As she grew older, Brigid remained a rebel. She founded a monastery in Kildare, but insisted that it be open to both nuns and monks—something unheard of at that time. Word of the monastery, and of its unusual abbess, soon spread throughout Europe, and she became a powerful figure in European Christianity. Her followers marked their homes with a plain cross woven from river reeds. In some Irish homes, you’ll still find crosses made in precisely that way.
One of Brigid’s strangest rules for her monastery was that a fire should always be kept burning, day and night, tended by 20 virgins. Long after she died, the fire at St. Brigid’s burned constantly, tended as she said it should be. This continued as late as 1220, when the bishop of Dublin insisted that the tradition, which he viewed as pagan, be stopped. But there is still a fire pit at St. Brigid’s Cathedral ★, and a fire is lit in it every February 1, on St. Brigid’s feast day.
Local Hero: Silken ThomasNobleman and rebel rolled into one, Silken Thomas was an unlikely revolutionary.
More properly known as Thomas FitzGerald, the 10th Earl of Kildare, he was born in 1513 to illustrious parents—his father was governor of Ireland—and spent much of his childhood at the court of King Henry VIII in England.
Thomas returned to Ireland as a young man, all set to follow in his father’s footsteps and rule on behalf of the king.
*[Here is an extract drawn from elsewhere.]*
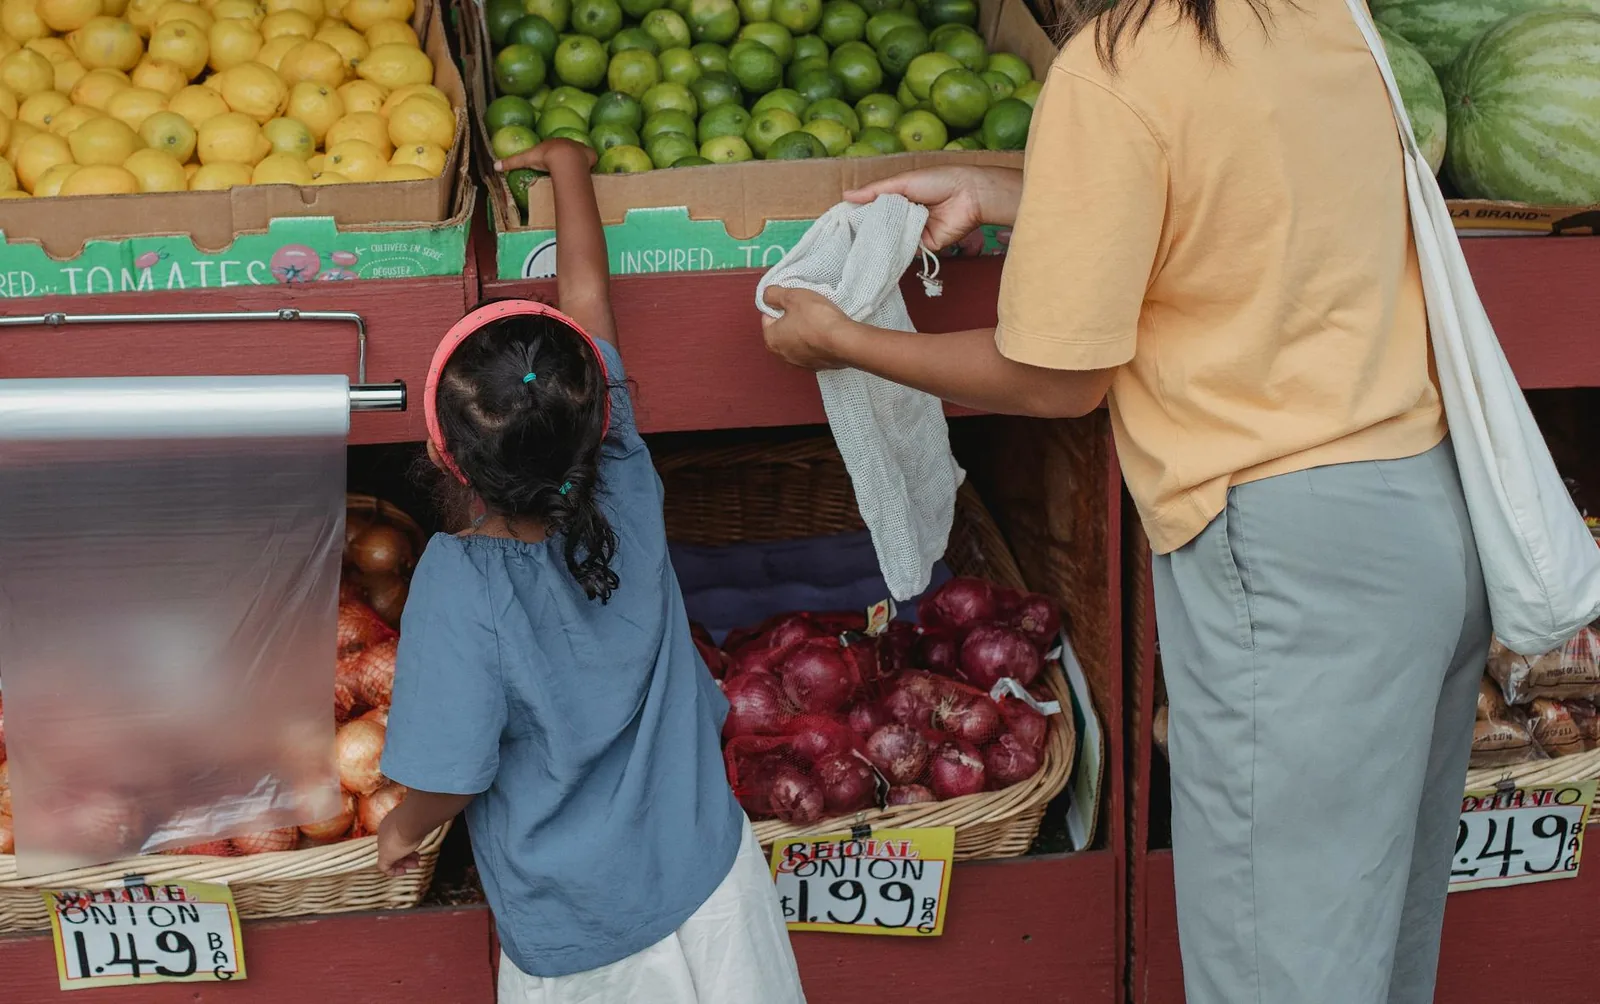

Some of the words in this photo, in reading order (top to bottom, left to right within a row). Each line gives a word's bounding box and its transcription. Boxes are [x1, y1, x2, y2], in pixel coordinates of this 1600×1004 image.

However, when word reached him that his father had fallen out with Henry and been executed, Thomas raised a rebellion.
It began with a blistering attack on Dublin Castle. Even though that failed, the English were rattled. Thomas and his men retreated to the relative safety of County Kildare, expecting a counter-attack at any moment. And indeed it came . . . but by stealth. While Thomas was temporarily absent from his garrison, a guard was bribed to let in a small group of English soldiers, who massacred everybody inside.
Despite that huge blow to the rebellion, Thomas and his remaining men fought valiantly on for a while longer. The struggle was futile, however, and Thomas eventually agreed to surrender in return for a promise that he and his closest compatriots would be spared. But King Henry wasn’t one for keeping his word. Thomas and his men were sentenced to death by hanging, drawing, and quartering.
What happened next is enough to make the blood run cold. On a bleak February morning in 1537, they were dragged through the streets of London to a site of public execution. Thomas and the others were hanged by the neck, but cut down before they died. Then they were cut open, their bowels and genitals removed and then burned in front of their eyes. They were finally killed by beheading, after which their corpses were cut into quarters and placed on spikes. Such was the wrath of kings.
Despite this most chilling end, Thomas remains a folk hero in Ireland. But why the unusual nickname? The sobriquet “Silken Thomas” comes from a wonderful footnote to history. It is recorded that Thomas was a dashing and handsome man, always dressed in the height of fashion. And when his army of 200 men rode into battle, they wore strands of silk streaming from their helmets.